(Stored data entries)
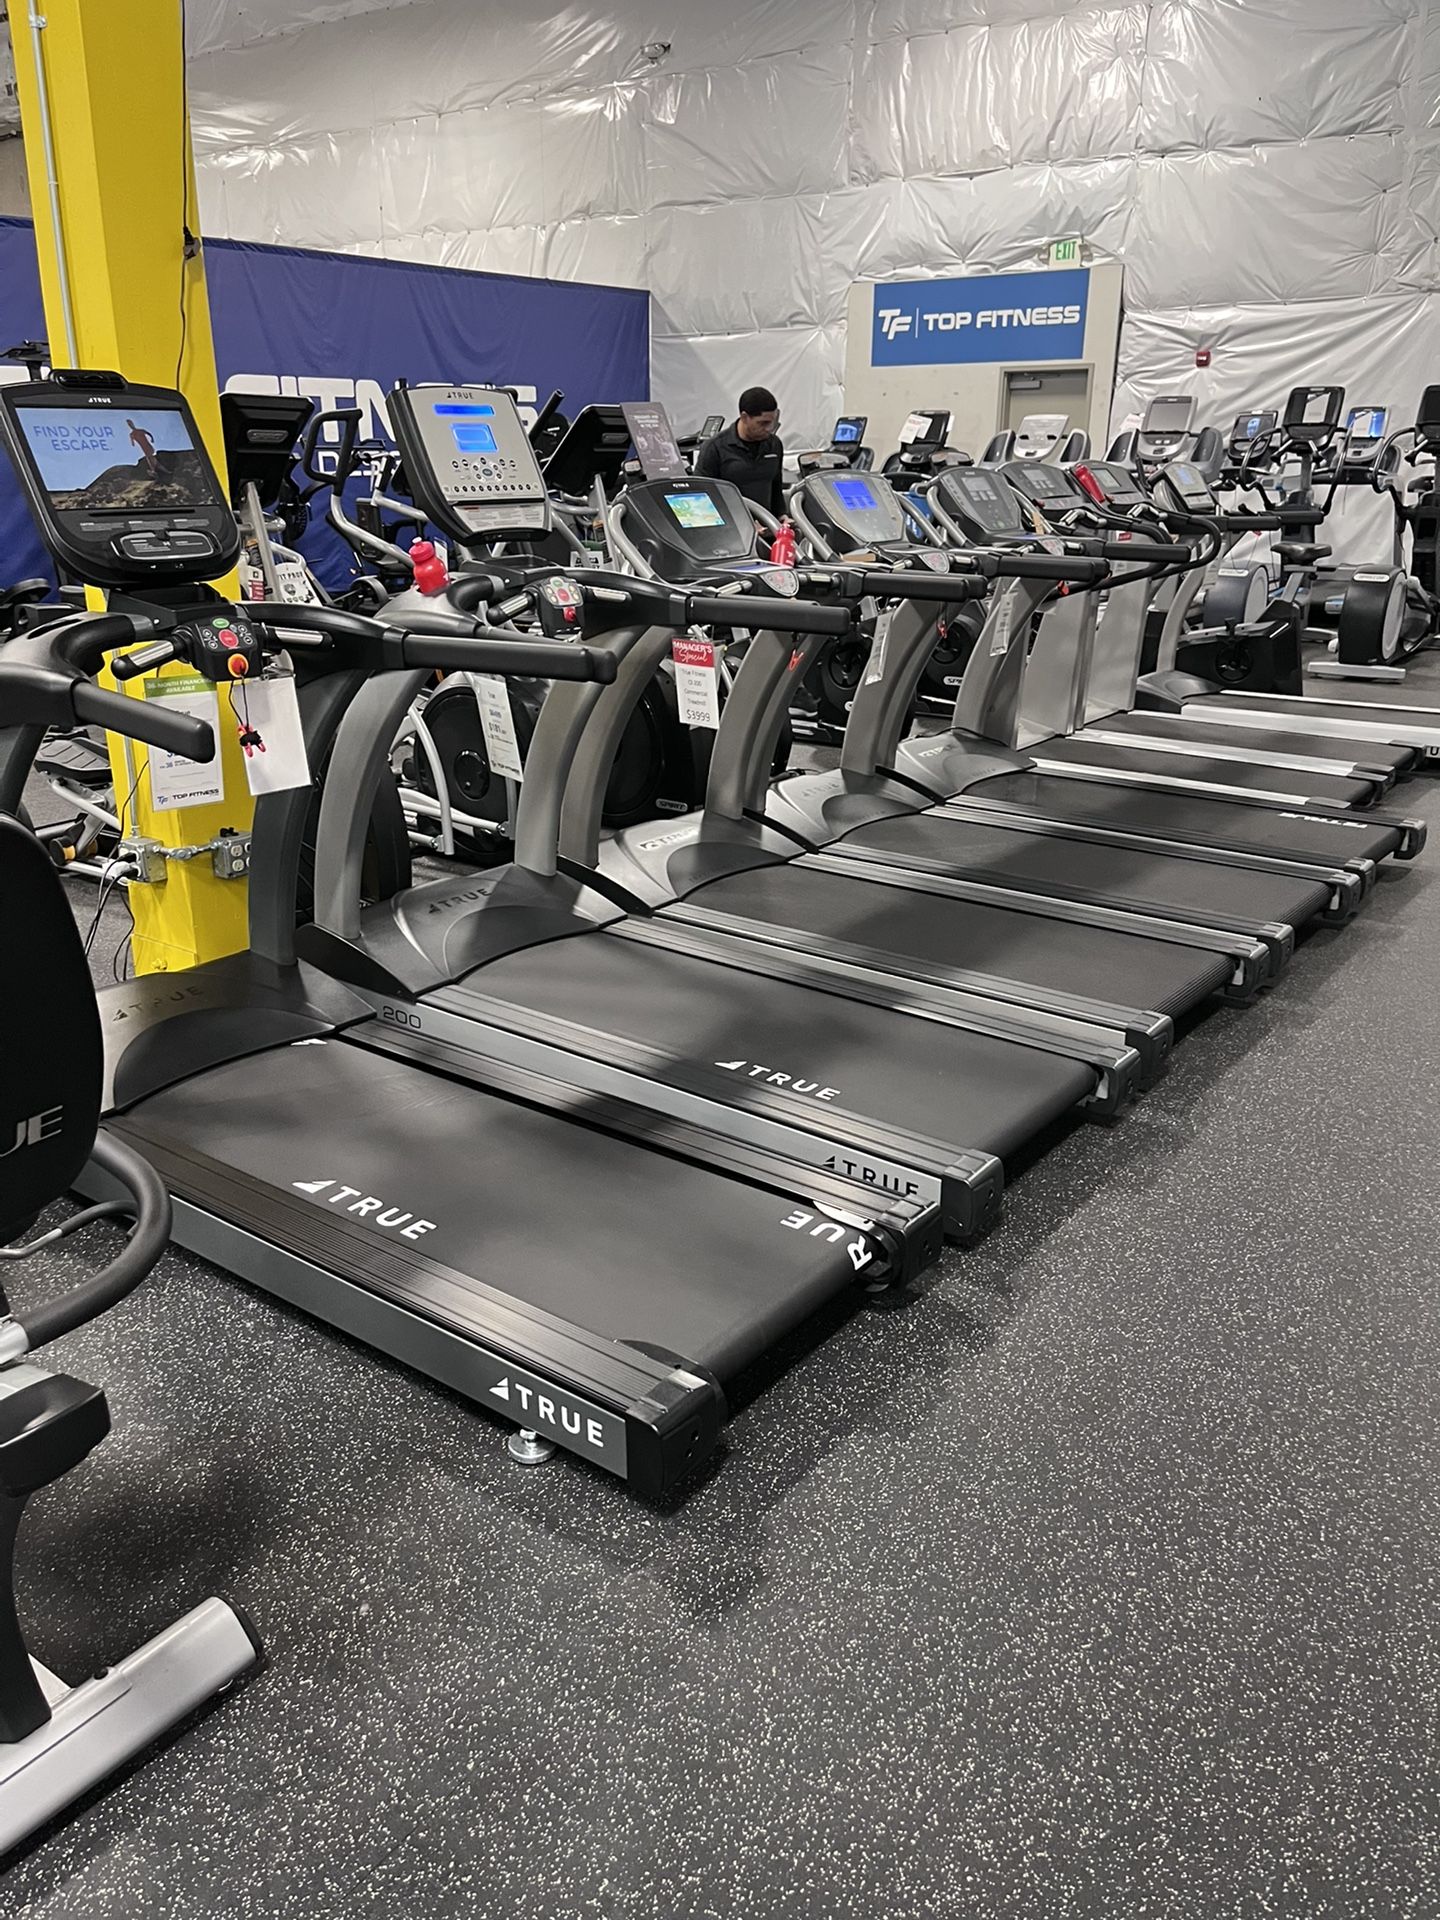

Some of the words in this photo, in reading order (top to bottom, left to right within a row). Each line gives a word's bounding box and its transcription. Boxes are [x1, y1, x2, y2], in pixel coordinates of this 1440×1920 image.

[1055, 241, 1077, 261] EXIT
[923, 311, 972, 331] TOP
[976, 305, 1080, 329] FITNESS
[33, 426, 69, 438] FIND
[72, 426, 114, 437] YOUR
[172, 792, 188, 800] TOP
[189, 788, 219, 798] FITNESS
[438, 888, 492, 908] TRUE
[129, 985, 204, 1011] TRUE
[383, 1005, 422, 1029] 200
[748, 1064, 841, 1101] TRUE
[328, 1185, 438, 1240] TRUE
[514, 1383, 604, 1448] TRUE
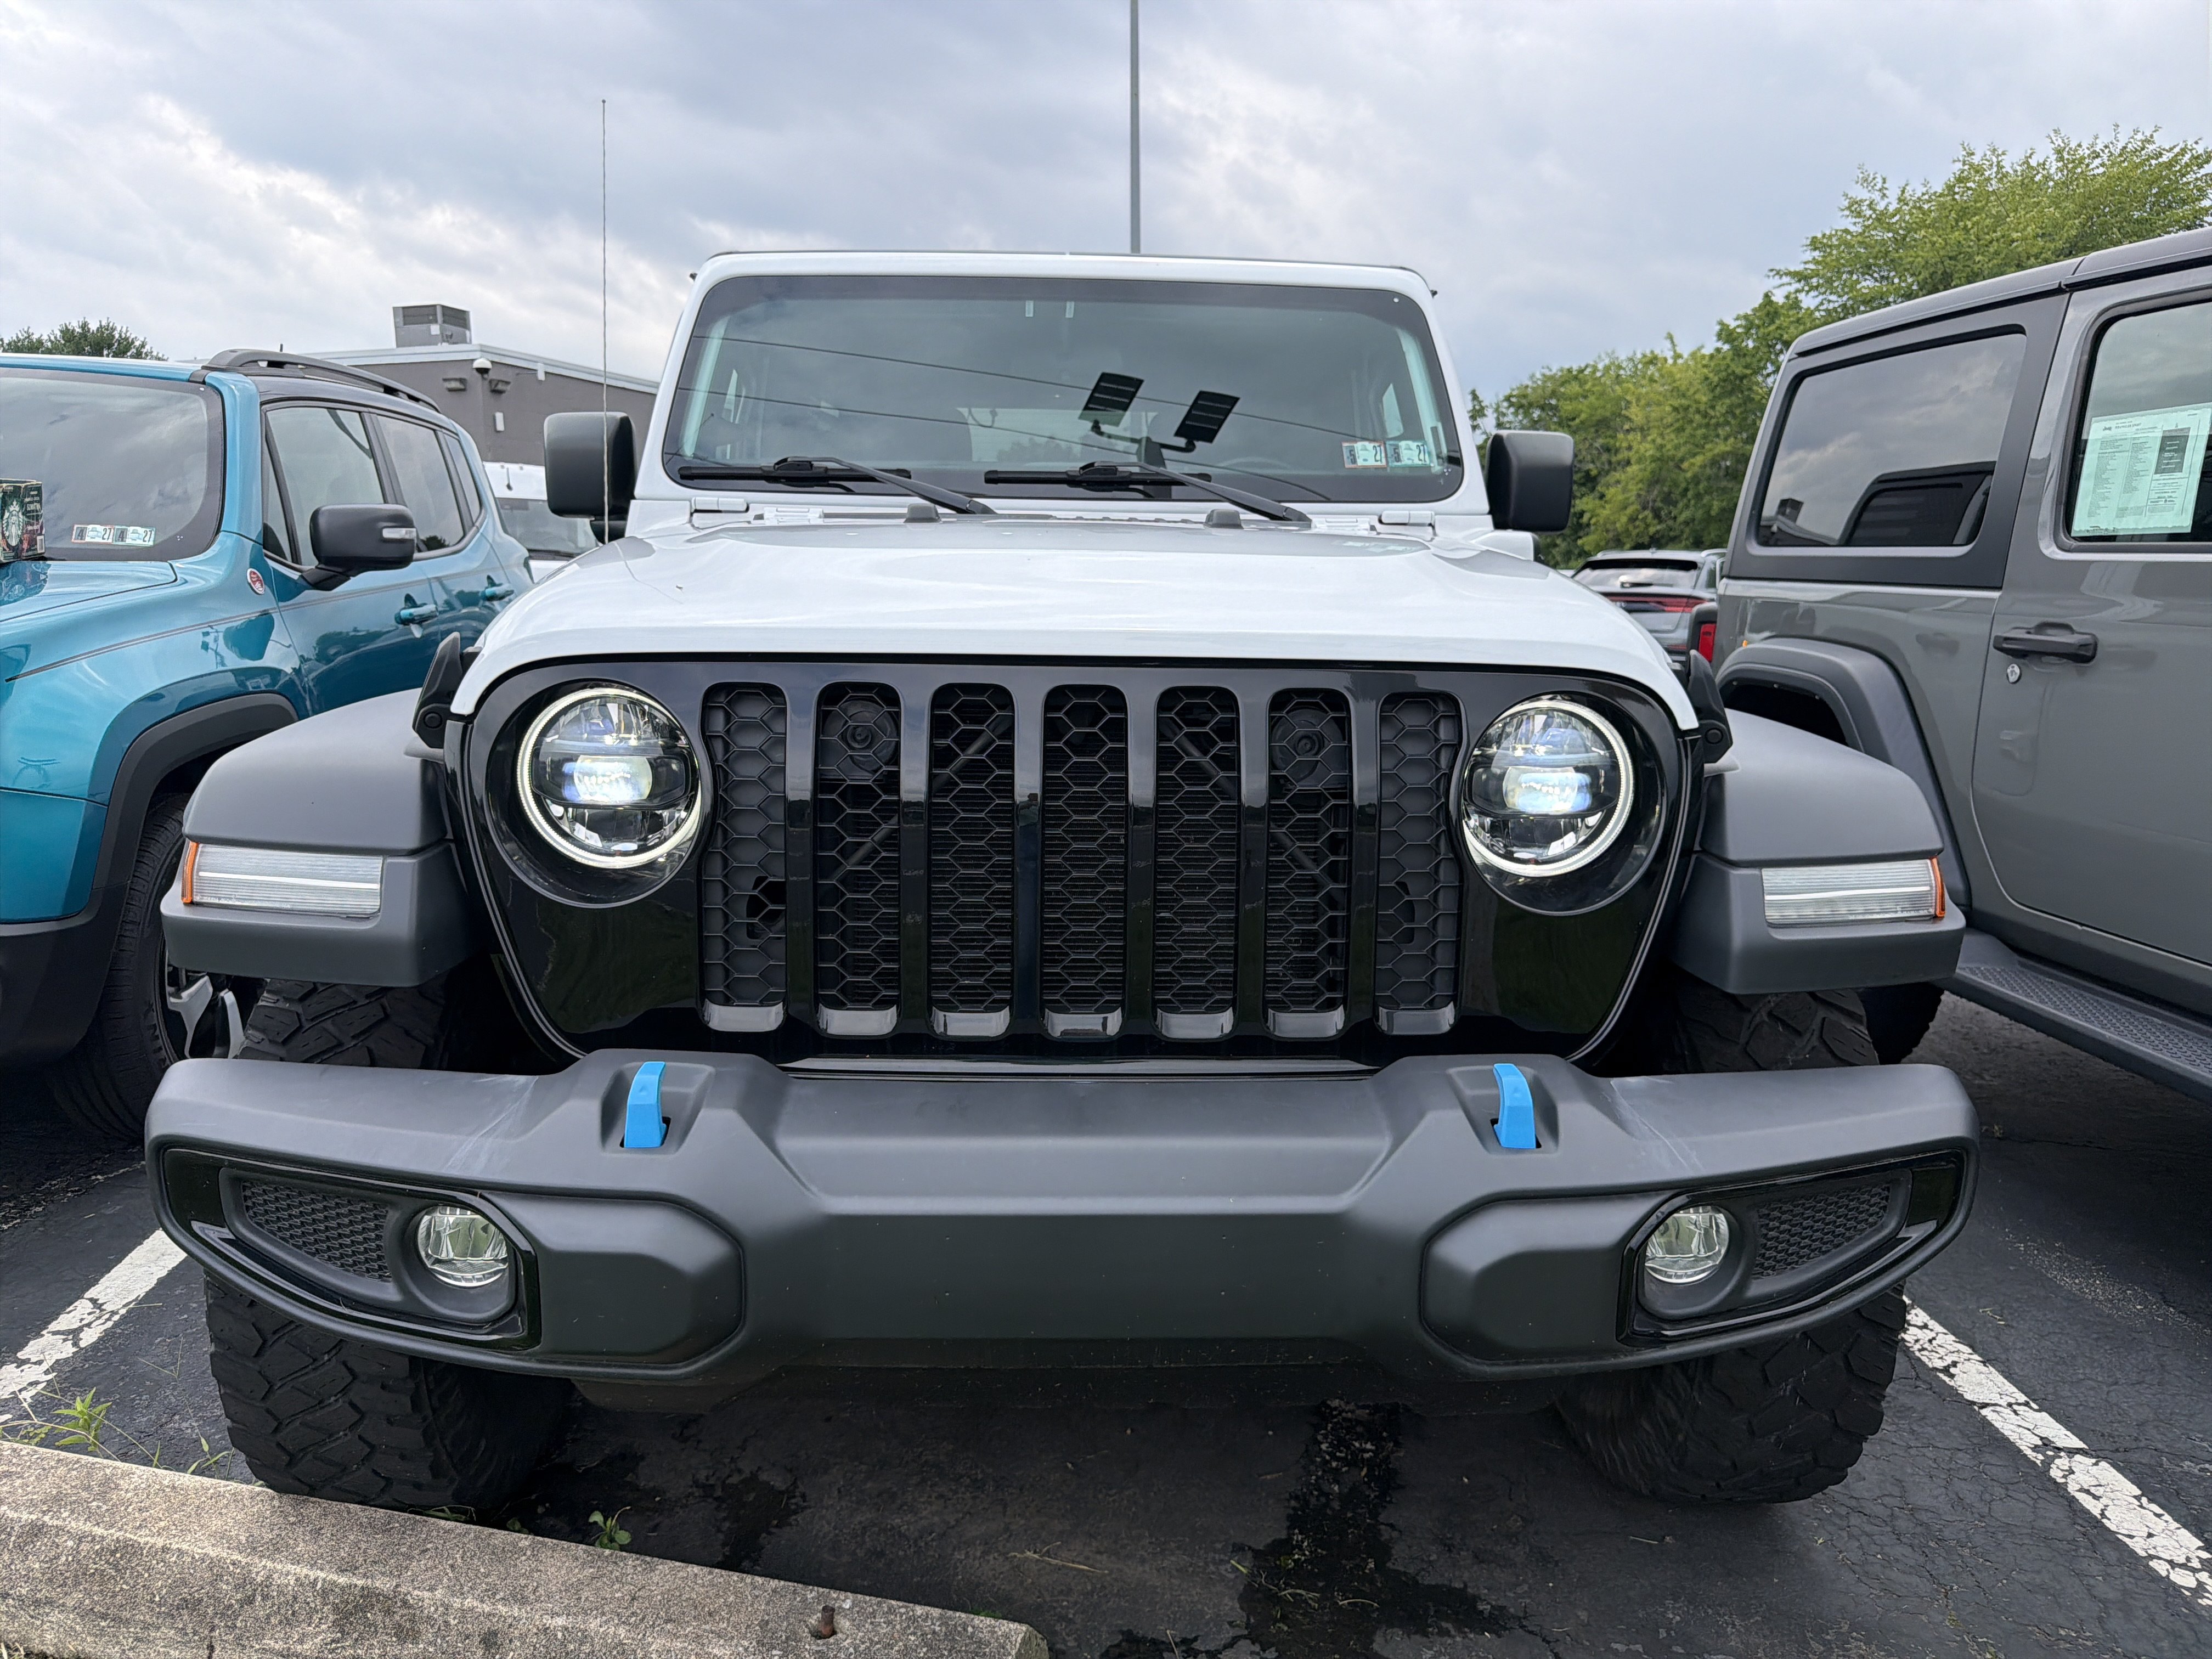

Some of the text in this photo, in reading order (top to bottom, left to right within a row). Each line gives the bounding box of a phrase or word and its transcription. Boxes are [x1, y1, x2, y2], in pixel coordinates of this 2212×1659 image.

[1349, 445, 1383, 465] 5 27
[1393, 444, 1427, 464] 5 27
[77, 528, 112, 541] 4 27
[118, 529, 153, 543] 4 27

What this task involves:
A precise repetition of every entry, free of pictures, is the expected answer.

Reply:
Some of the words in this photo, in reading order (top to bottom, left to right within a row). Each line gives a word's bounding box and its transcription. Boxes are [x1, y1, x2, y2], in pixel coordinates of this 1440×1920 image.

[1055, 241, 1077, 261] EXIT
[923, 311, 972, 331] TOP
[976, 305, 1080, 329] FITNESS
[33, 426, 69, 438] FIND
[72, 426, 114, 437] YOUR
[172, 792, 188, 800] TOP
[189, 788, 219, 798] FITNESS
[438, 888, 492, 908] TRUE
[129, 985, 204, 1011] TRUE
[383, 1005, 422, 1029] 200
[748, 1064, 841, 1101] TRUE
[328, 1185, 438, 1240] TRUE
[514, 1383, 604, 1448] TRUE

Some of the text in this photo, in reading order (top to bottom, left to right within a row). Each line gives the bounding box of a phrase or word and its transcription. Boxes are [x1, y1, x2, y2], in pixel coordinates of this 2212×1659 image.

[1349, 445, 1383, 465] 5 27
[1393, 444, 1427, 464] 5 27
[77, 528, 112, 541] 4 27
[118, 529, 153, 543] 4 27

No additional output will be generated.